Week 9

— by Jen

I really appreciated Connection Established because of the way it clearly illustrates the complexity of caring for others while needing care yourself. I also appreciated that the things in this story that felt like the most important instances of care are actually (feel free to argue with me on this…) some of the simplest: stopping to talk with someone; finding moments for personal connections; recognizing that prioritizing someone else’s needs doesn’t necessarily mean you’re deprioritizing your own (care doesn’t have to be a zero-sum activity).

Translating some of those concepts over to the introduction of Design Justice, I can see this kind of care in the design firm And Also Too, which believes that “absolutely anyone can participate meaningfully in design.” I’m interested, then, in what the mechanisms are to facilitate listening / making space for anyone to participate, when the typical methods for design work haven’t made space for everyone.

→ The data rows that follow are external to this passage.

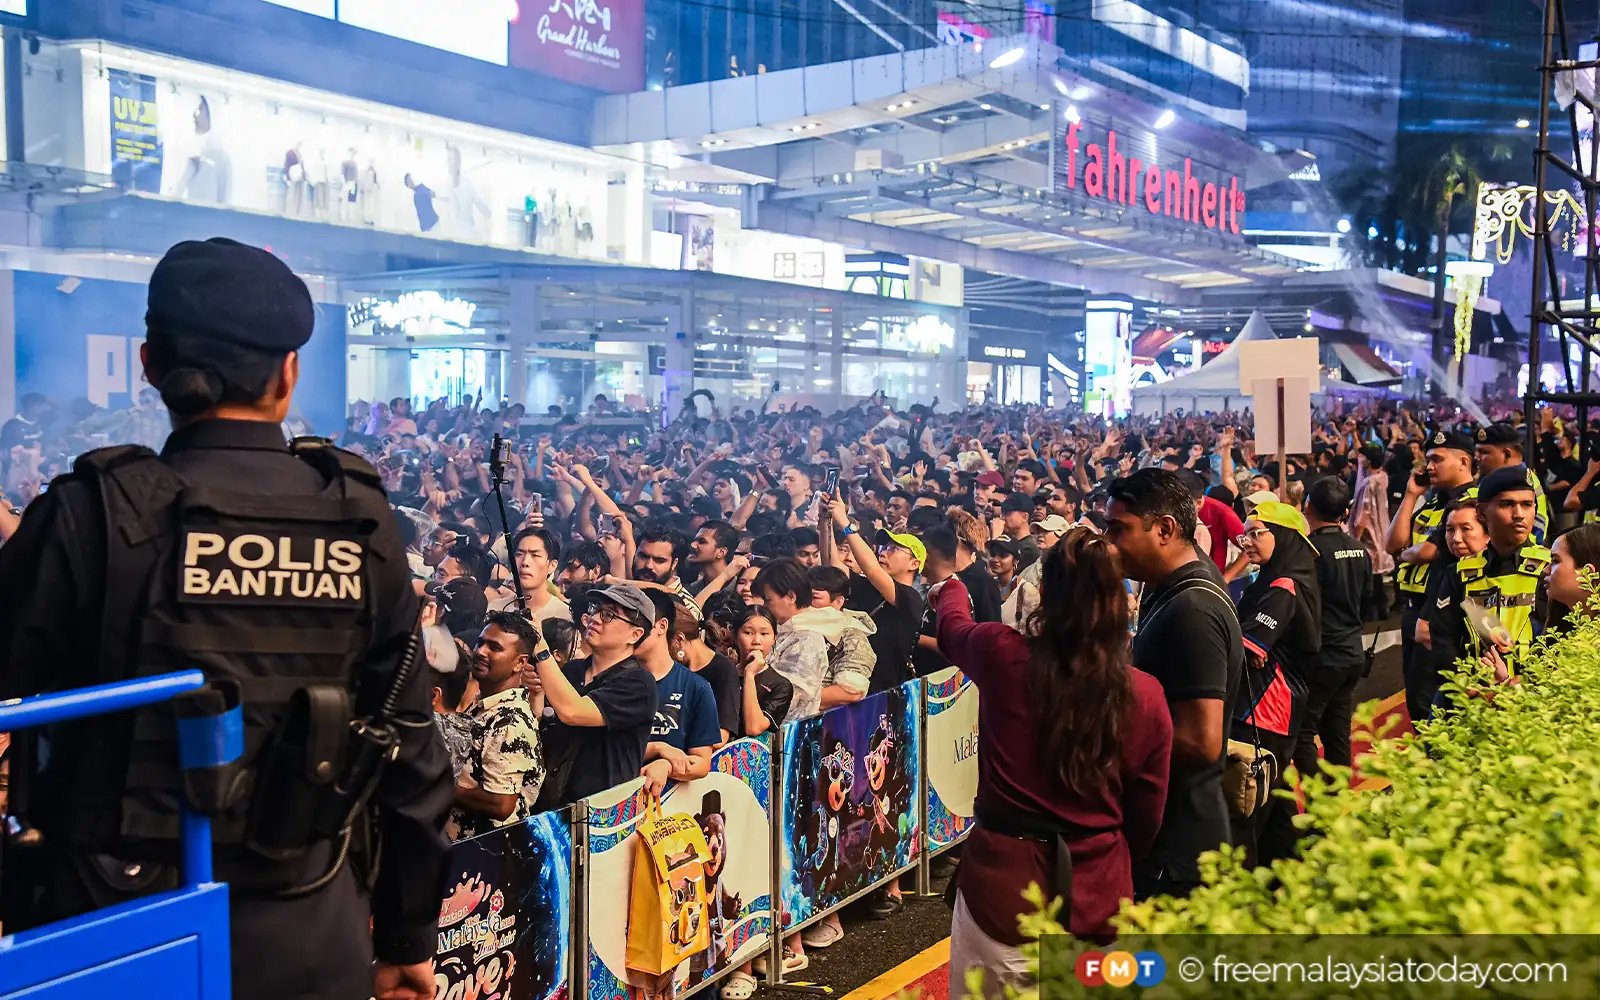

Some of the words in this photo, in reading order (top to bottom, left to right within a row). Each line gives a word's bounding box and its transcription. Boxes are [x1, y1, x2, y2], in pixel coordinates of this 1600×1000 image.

[537, 14, 577, 46] Grand
[1066, 118, 1240, 235] fahrenheit
[184, 532, 363, 574] POLIS
[1334, 549, 1364, 560] SECURITY
[183, 567, 362, 600] BANTUAN
[1255, 612, 1278, 630] MEDIC
[953, 731, 979, 764] Mala
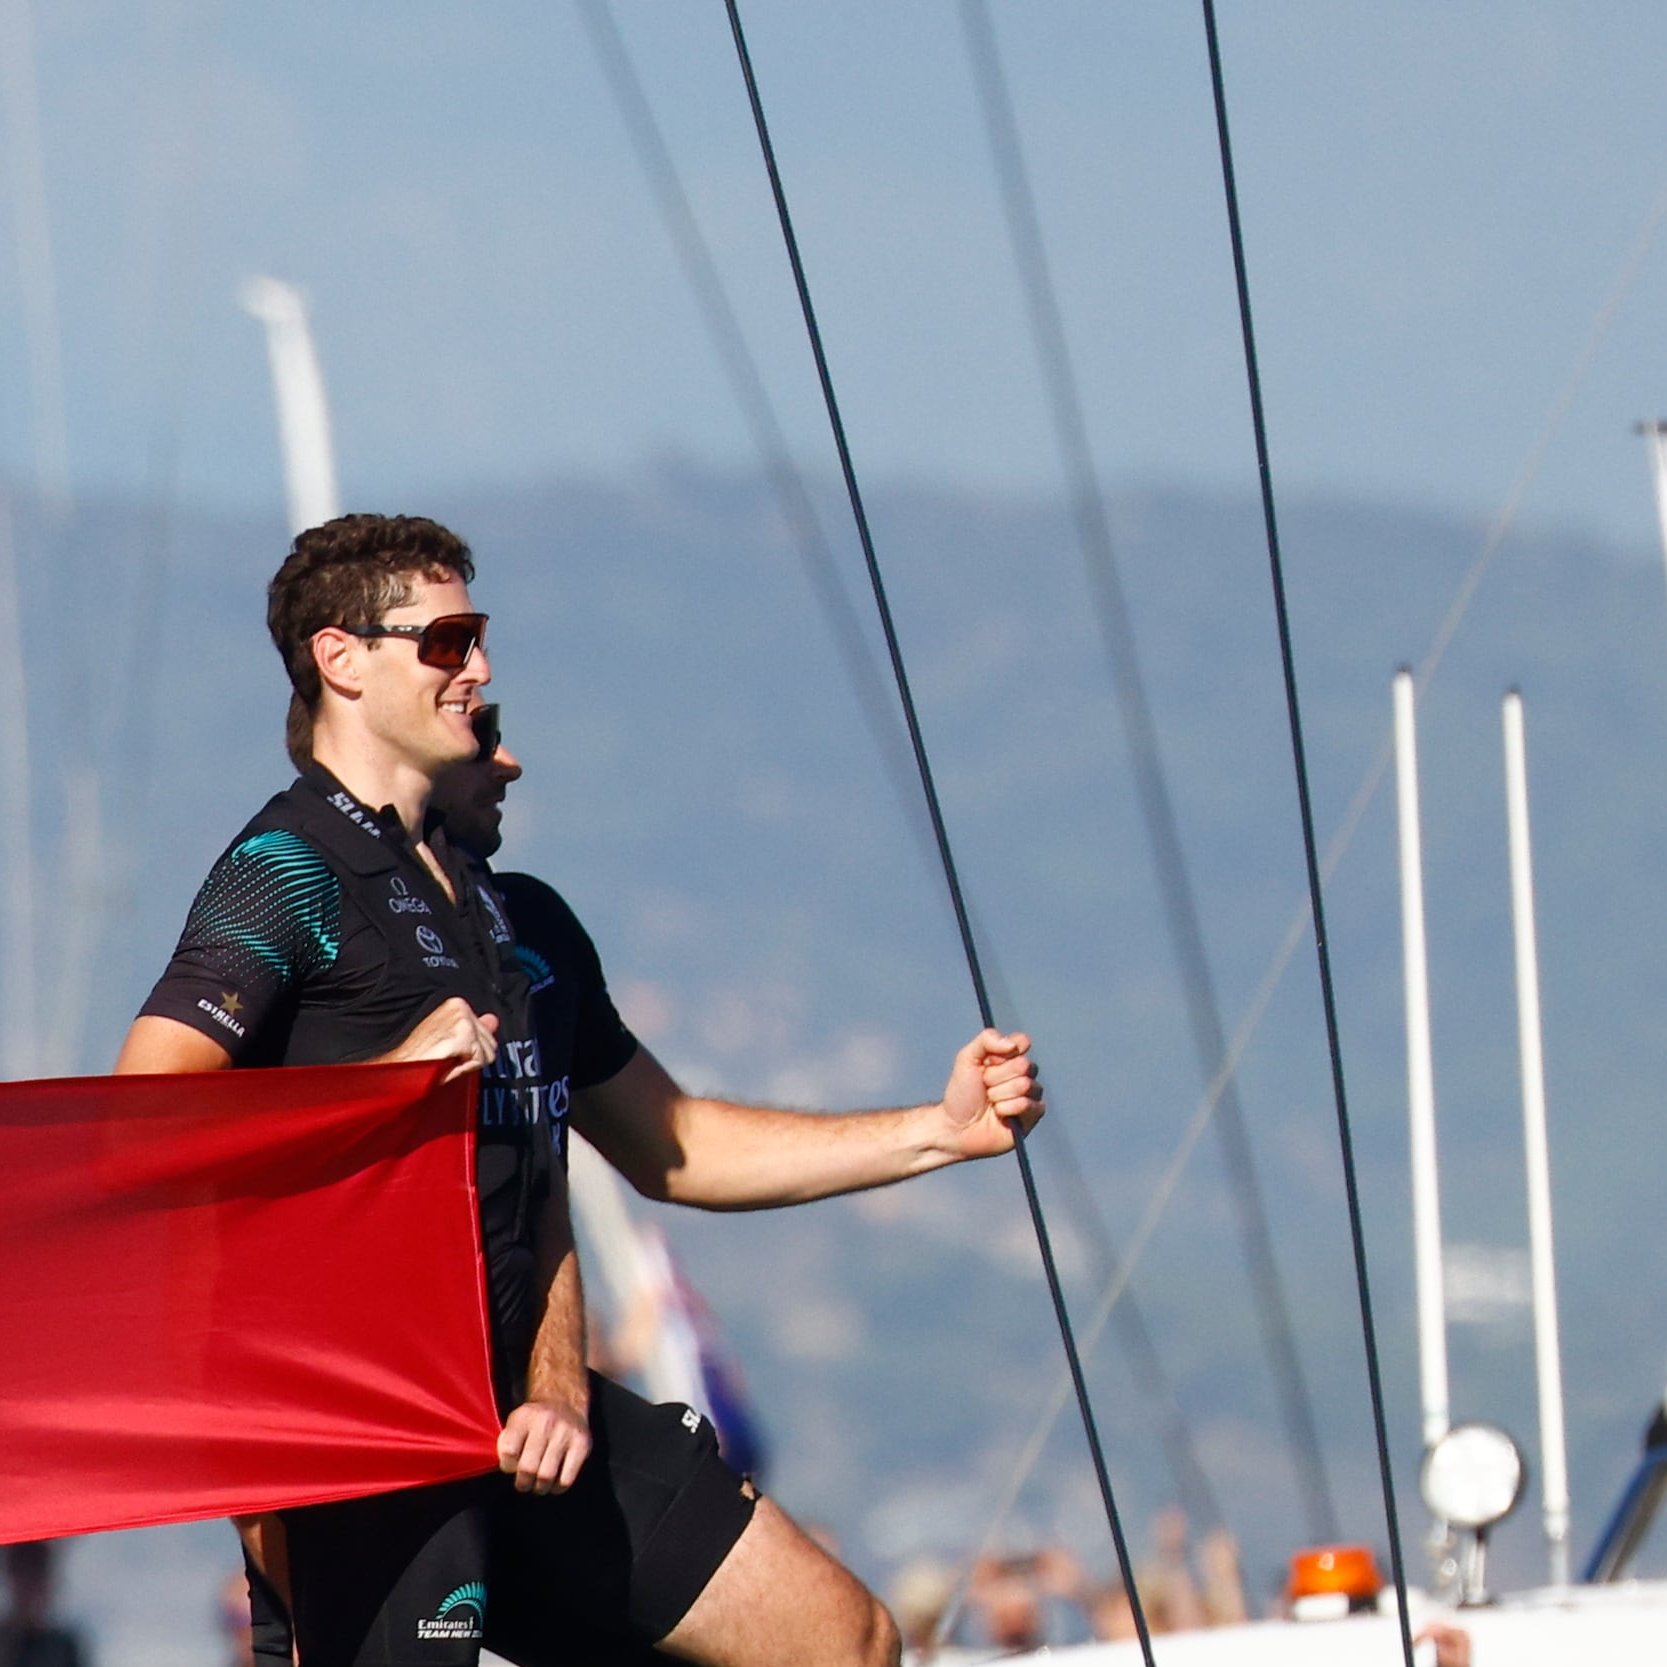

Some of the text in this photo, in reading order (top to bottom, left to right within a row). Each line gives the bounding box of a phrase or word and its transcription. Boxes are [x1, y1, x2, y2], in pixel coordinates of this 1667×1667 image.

[197, 998, 246, 1038] ESTRELLA
[417, 1619, 468, 1630] Emirates
[417, 1630, 450, 1639] TEAM
[450, 1630, 471, 1638] NEW

Empathy is an ideology was a really interesting read; I appreciate the way that Jade Davis articulates the weaponization of empathy. And, I agree with their statement that “empathy does not lead to radical action.” I suppose that I want to push back on that a little: empathy doesn’t necessarily lead to radical action, but it could. And, a lack of empathy also doesn’t lead to radical action…but, it could. I suppose the problem comes in assuming that empathy is enough; that empathy is care; that empathy is an end point rather than part of the process towards action and change. While reading this piece I was thinking a lot about Gloria Ladson-Billings’ writing on culturally relevant pedagogy (summarized fairly well here; also in this fairly short interview from 2022). The cultural competence and critical consciousness elements of her work rest on empathy, but I think she’s articulating that we need cultural competence (empathy) as well as critical consciousness (which I read as action, rooted in empathy). So what I’m trying to say is: I can agree that empathy isn’t enough, but I’m not convinced that empathy in itself needs to be read as quite so negative is I thought Davis does.

2 thoughts on “Week 9

  1. Adrianna Rios (she/her)

    Thanks for sharing this interview, Jen. I like how you point out that critical consciousness may not be empathy, but it’s still rooted in it. It’s good evidence to support your skepticism towards Davis’ piece. I felt similarly when reading the list of words that Davis suggests for “Instead of empathy use _____”. Aren’t most of these words rooted in empathy?
    Overall, I agree with what you’ve written. One tends to think about empathy in a positive way and Davis disrupts that “traditional” perception. Still, I think there’s worth in the reading. It forces us to sit with the term “empathy” and consider everything that it entails, the good, the bad, etc.

  2. Brieanna Scolaro (They)

    Hi Jen, how are you!
    Your quote re: “the most important instances of care are actually (feel free to argue with me on this…) some of the simplest: stopping to talk with someone….” I agree with you about that acts of care can be simple – but they feel incredibly difficult. The amount of guilt that people share experiencing when saying no to others, letting others down, potentially upsetting others, being perceived as not working hard enough, these are the thought spaces and turmoils around actually implementing these small acts of self care. I will label these boundary setting. However, when you allow the guilt to be there, the fear, the emotions of saying no, and allowing others a right to their reaction without taking it personally, this is liberating. This is a lesson for all of us, even outside of the pandemic. However, the pandemic intensified everything. Thank you for bringing this up in your post.